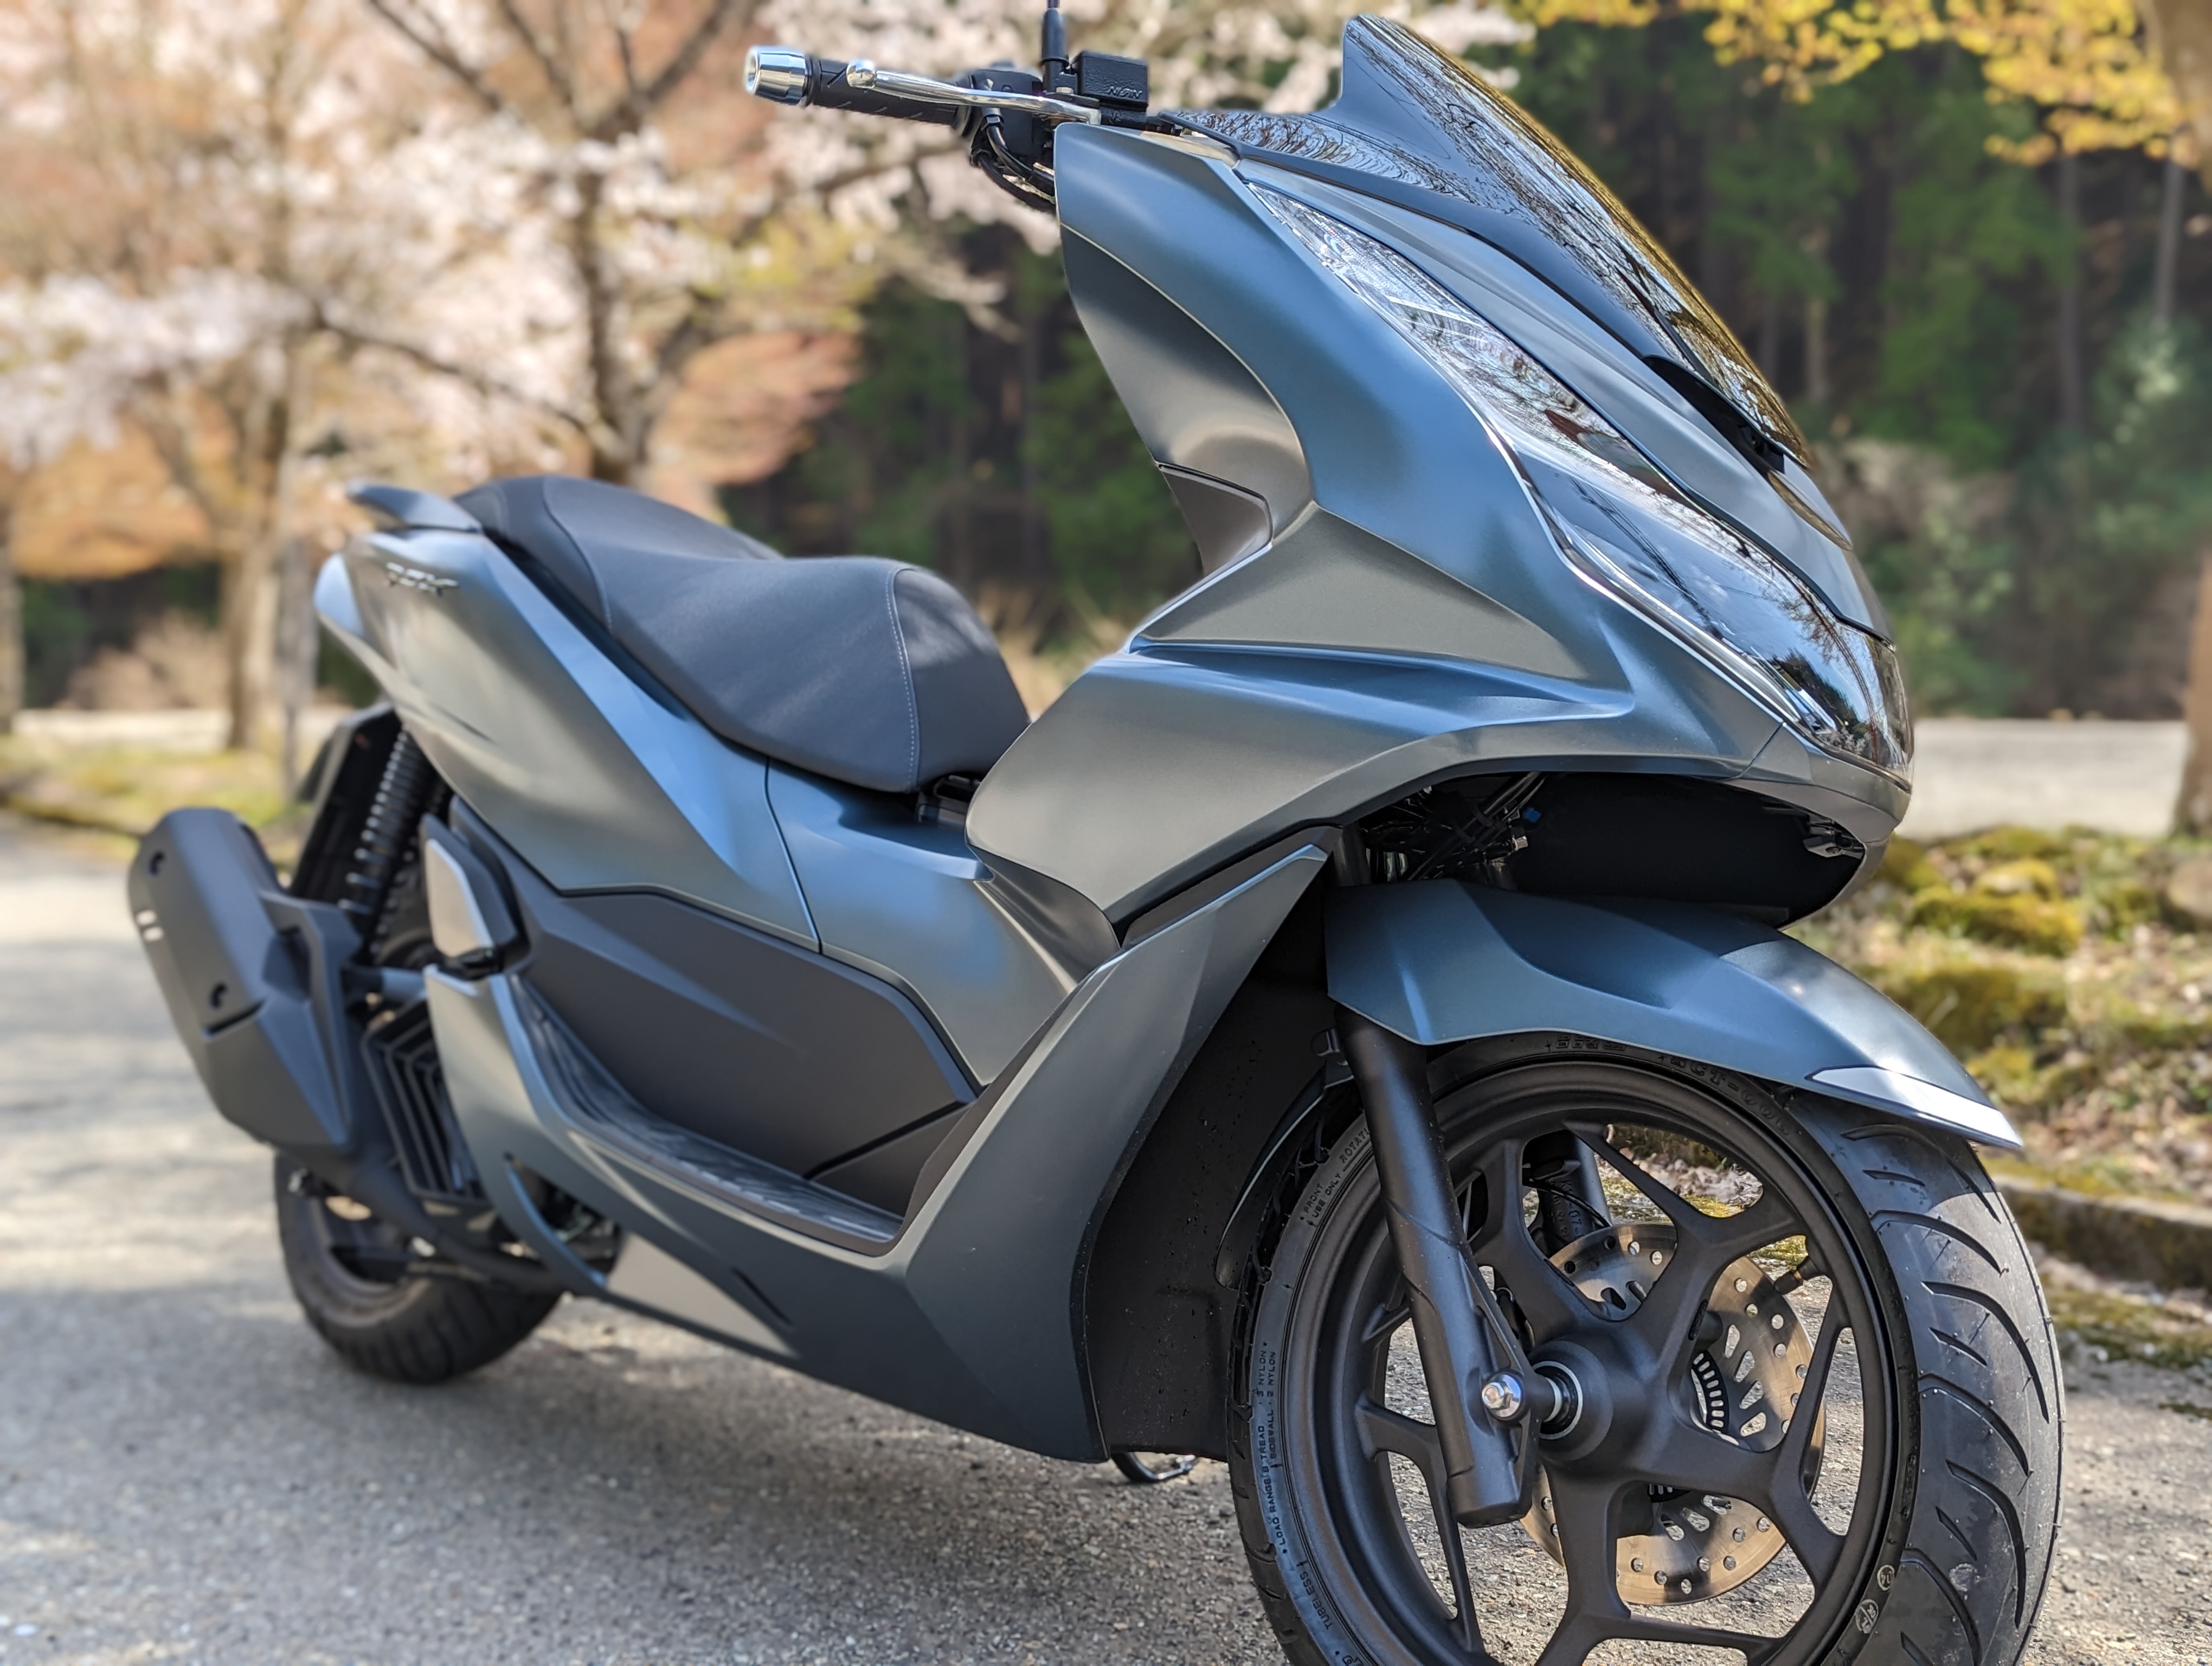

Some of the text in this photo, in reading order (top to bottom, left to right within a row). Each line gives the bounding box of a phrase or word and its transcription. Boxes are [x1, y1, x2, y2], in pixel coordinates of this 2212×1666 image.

[1303, 1183, 1323, 1213] FRONT
[1311, 1172, 1342, 1218] USE ONLY
[1258, 1350, 1266, 1385] NYLON
[1268, 1351, 1276, 1386] NYLON
[1258, 1425, 1267, 1460] TREAD
[1267, 1409, 1277, 1459] SIDEWALL
[1264, 1478, 1277, 1513] RANGE
[1272, 1517, 1286, 1546] LOAD
[1300, 1571, 1333, 1630] TUBELESS
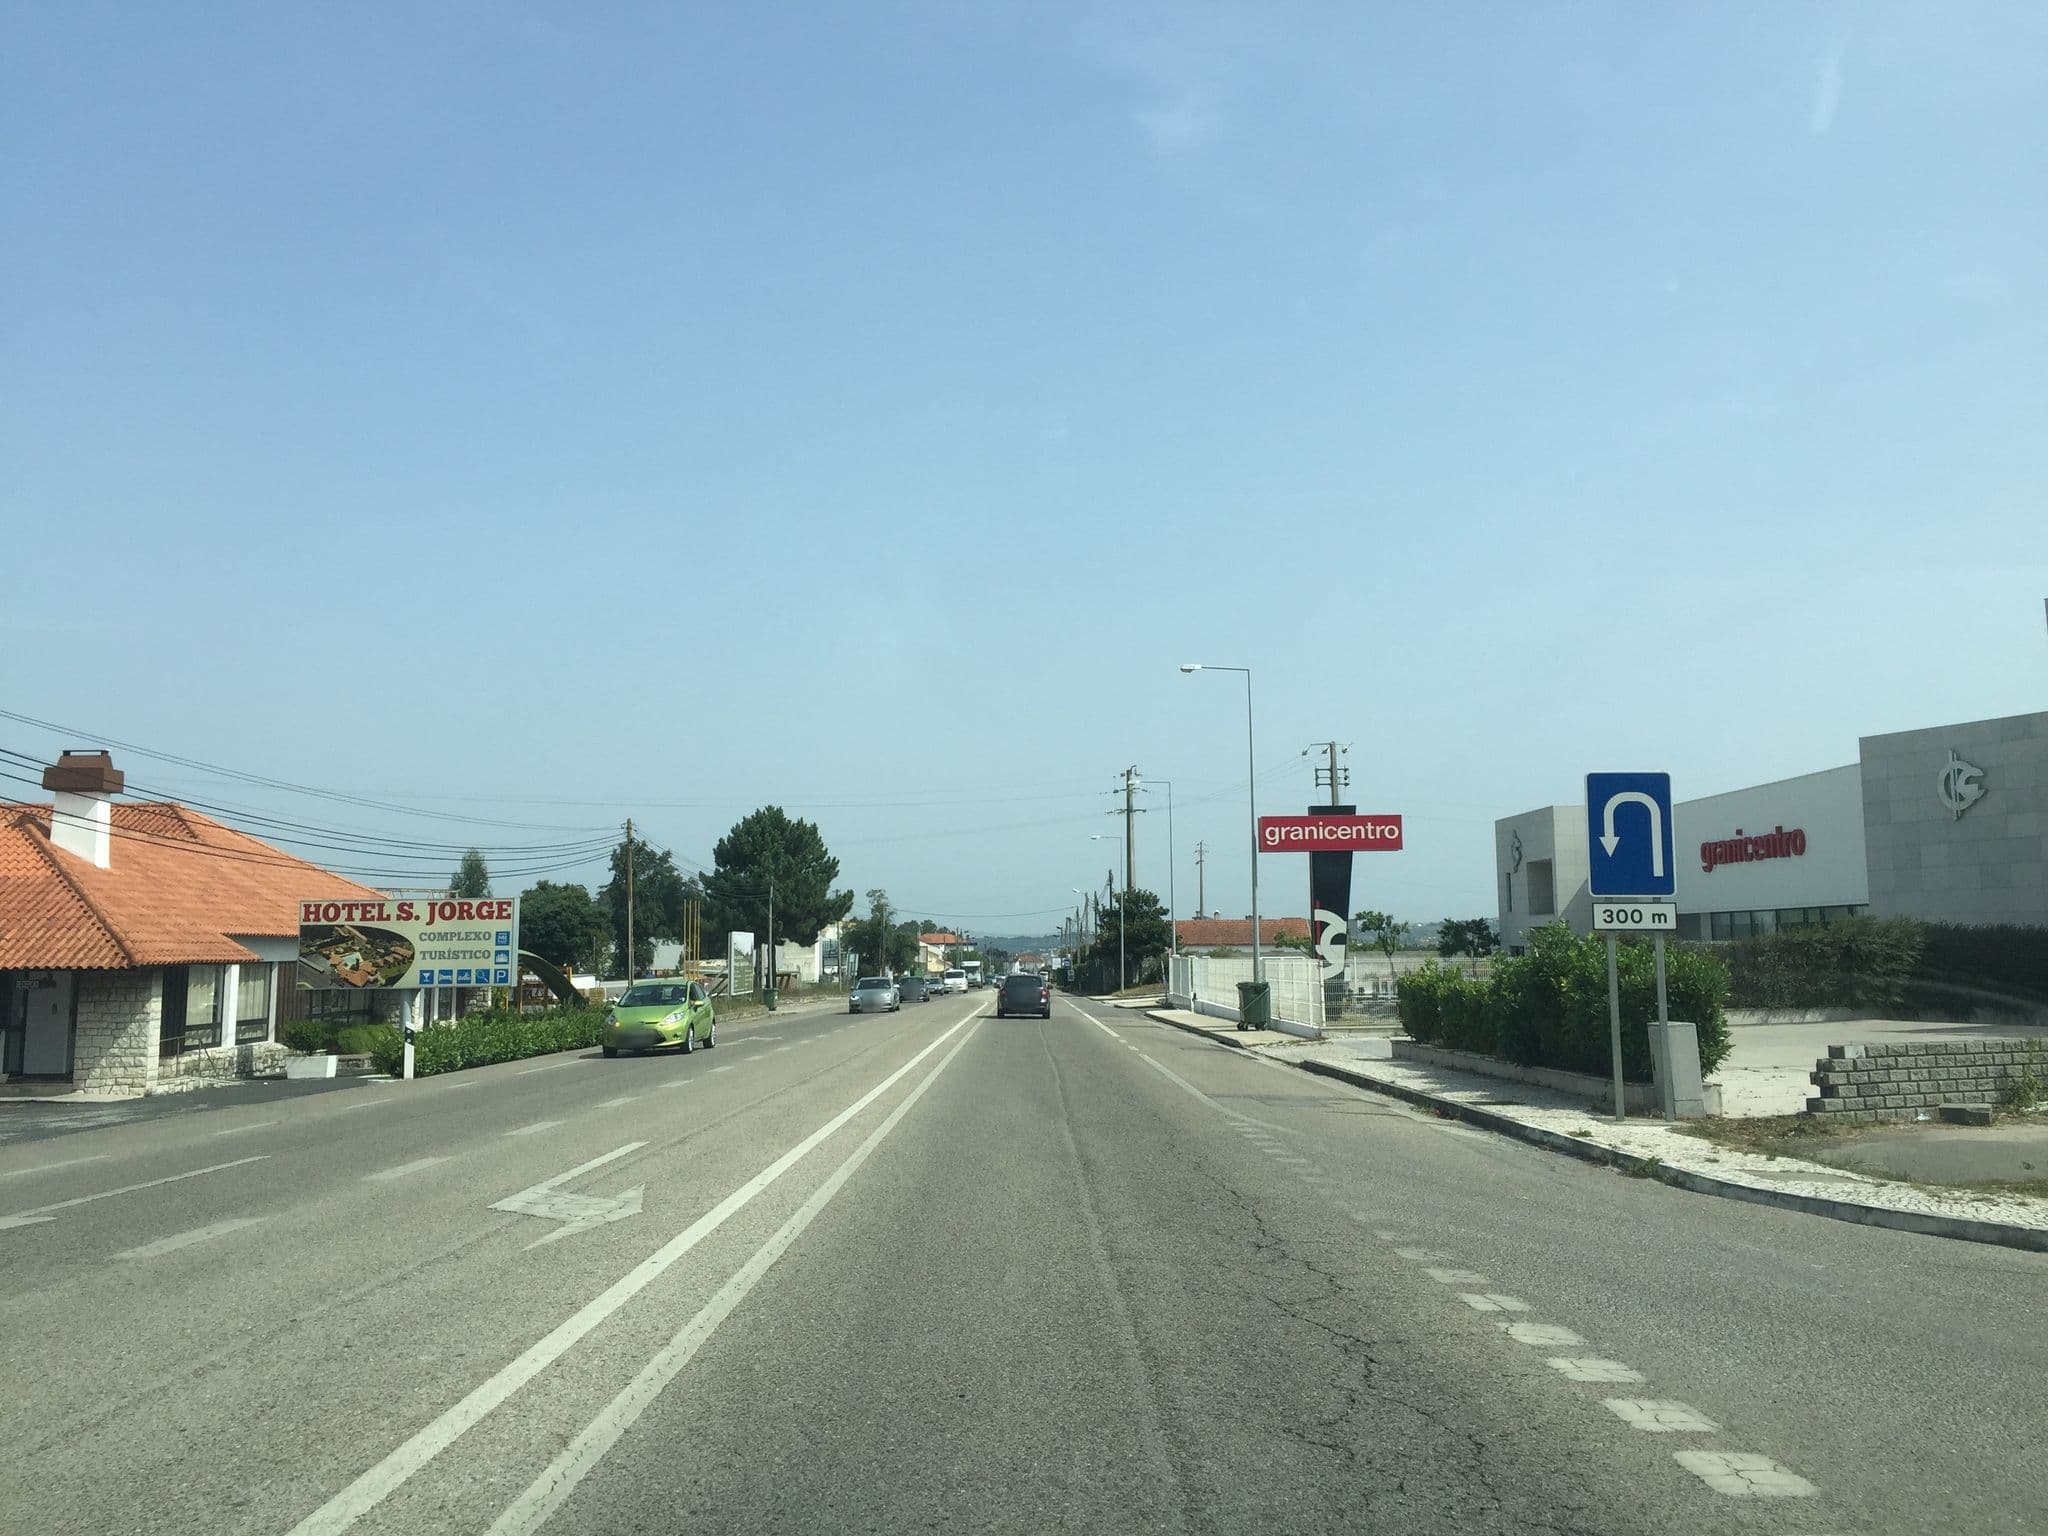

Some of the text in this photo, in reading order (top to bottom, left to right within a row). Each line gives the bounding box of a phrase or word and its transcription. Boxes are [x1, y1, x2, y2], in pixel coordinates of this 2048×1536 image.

[1265, 821, 1399, 846] granicentro
[1700, 825, 1806, 873] granicentro
[302, 900, 512, 925] HOTEL S. JORGE
[1602, 909, 1668, 924] 300 m
[418, 930, 492, 942] COMPLEXO
[419, 948, 491, 961] TURÍSTICO
[496, 970, 507, 983] P
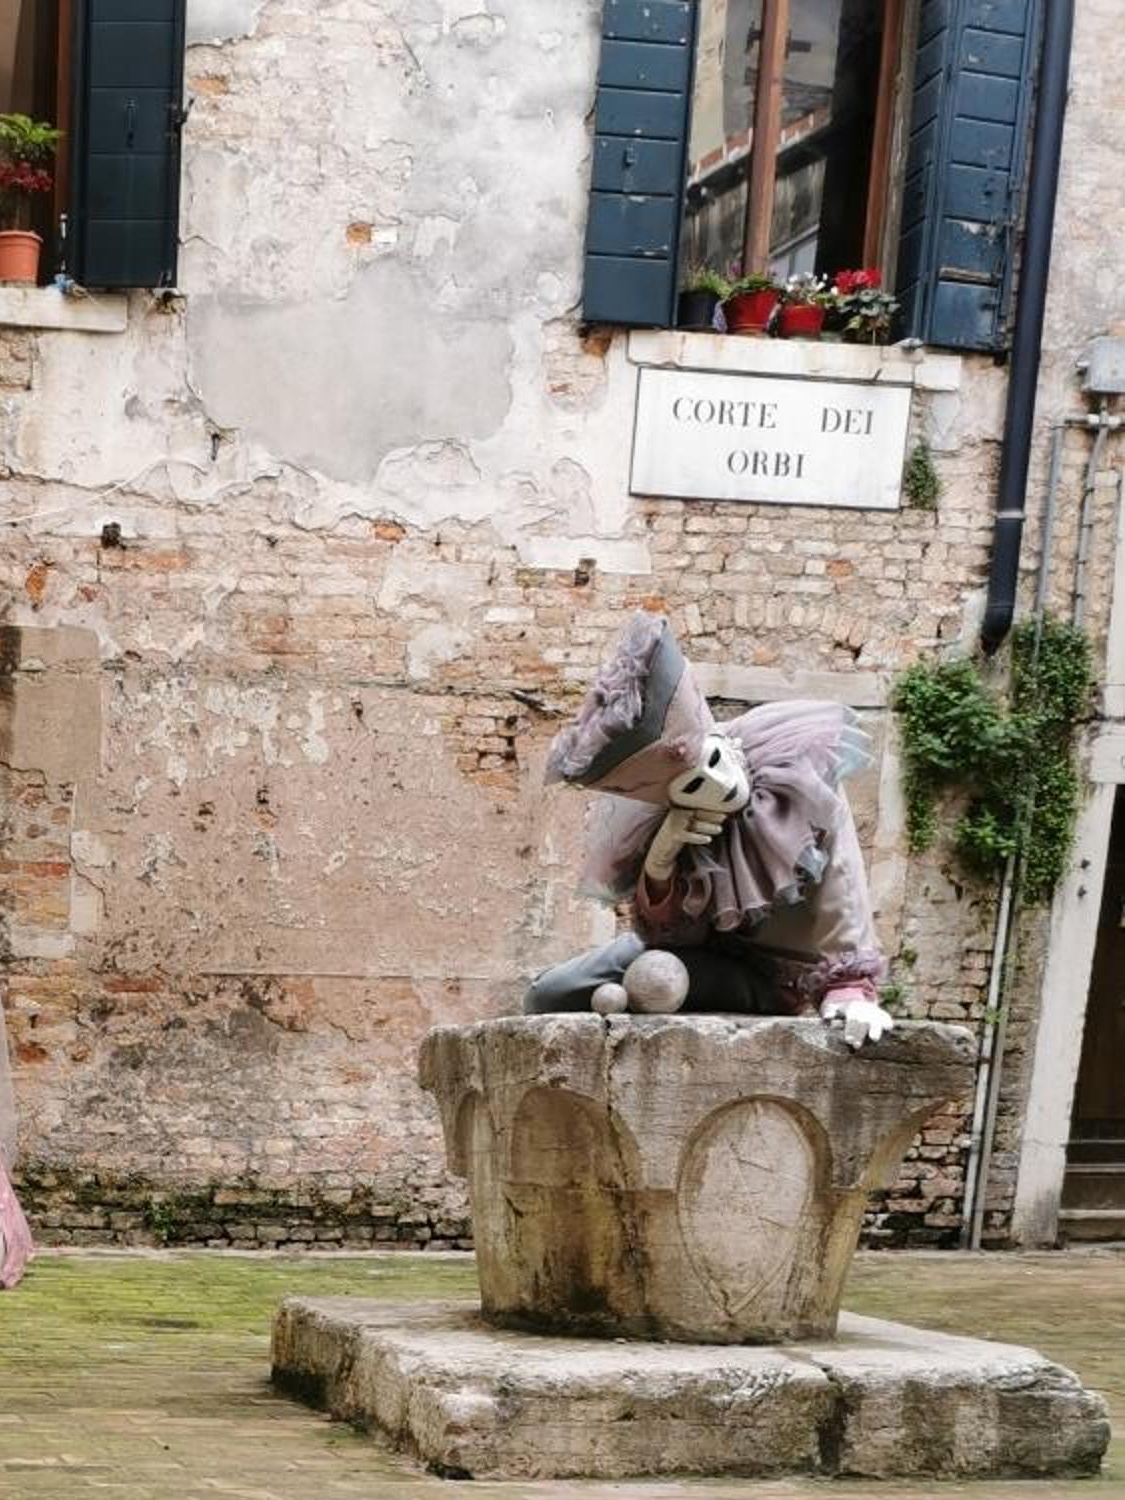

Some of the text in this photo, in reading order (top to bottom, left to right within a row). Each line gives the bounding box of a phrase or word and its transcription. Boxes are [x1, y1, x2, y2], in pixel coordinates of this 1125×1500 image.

[672, 397, 874, 435] CORTE DEI
[727, 450, 805, 478] ORBI
□ □ □ □
WORK TO BE COMPLETED: Transcribe every record exactly and omit each image.

WRITTEN RESPONSE:
Some of the text in this photo, in reading order (top to bottom, left to right within a row). Each line gives the bounding box of a phrase or word and its transcription. Boxes are [x1, y1, x2, y2], in pixel coordinates of this 2212×1666 image.

[1303, 1183, 1323, 1213] FRONT
[1311, 1172, 1342, 1218] USE ONLY
[1258, 1350, 1266, 1385] NYLON
[1268, 1351, 1276, 1386] NYLON
[1258, 1425, 1267, 1460] TREAD
[1267, 1409, 1277, 1459] SIDEWALL
[1264, 1478, 1277, 1513] RANGE
[1272, 1517, 1286, 1546] LOAD
[1300, 1571, 1333, 1630] TUBELESS

Some of the text in this photo, in reading order (top to bottom, left to right within a row). Each line gives the bounding box of a phrase or word and its transcription. Boxes are [x1, y1, x2, y2], in pixel coordinates of this 2048×1536 image.

[1265, 821, 1399, 846] granicentro
[1700, 825, 1806, 873] granicentro
[302, 900, 512, 925] HOTEL S. JORGE
[1602, 909, 1668, 924] 300 m
[418, 930, 492, 942] COMPLEXO
[419, 948, 491, 961] TURÍSTICO
[496, 970, 507, 983] P

Some of the text in this photo, in reading order (top to bottom, left to right within a row). Each line gives the bounding box of a phrase or word and its transcription. Boxes are [x1, y1, x2, y2], in pixel coordinates of this 1125×1500 image.

[672, 397, 874, 435] CORTE DEI
[727, 450, 805, 478] ORBI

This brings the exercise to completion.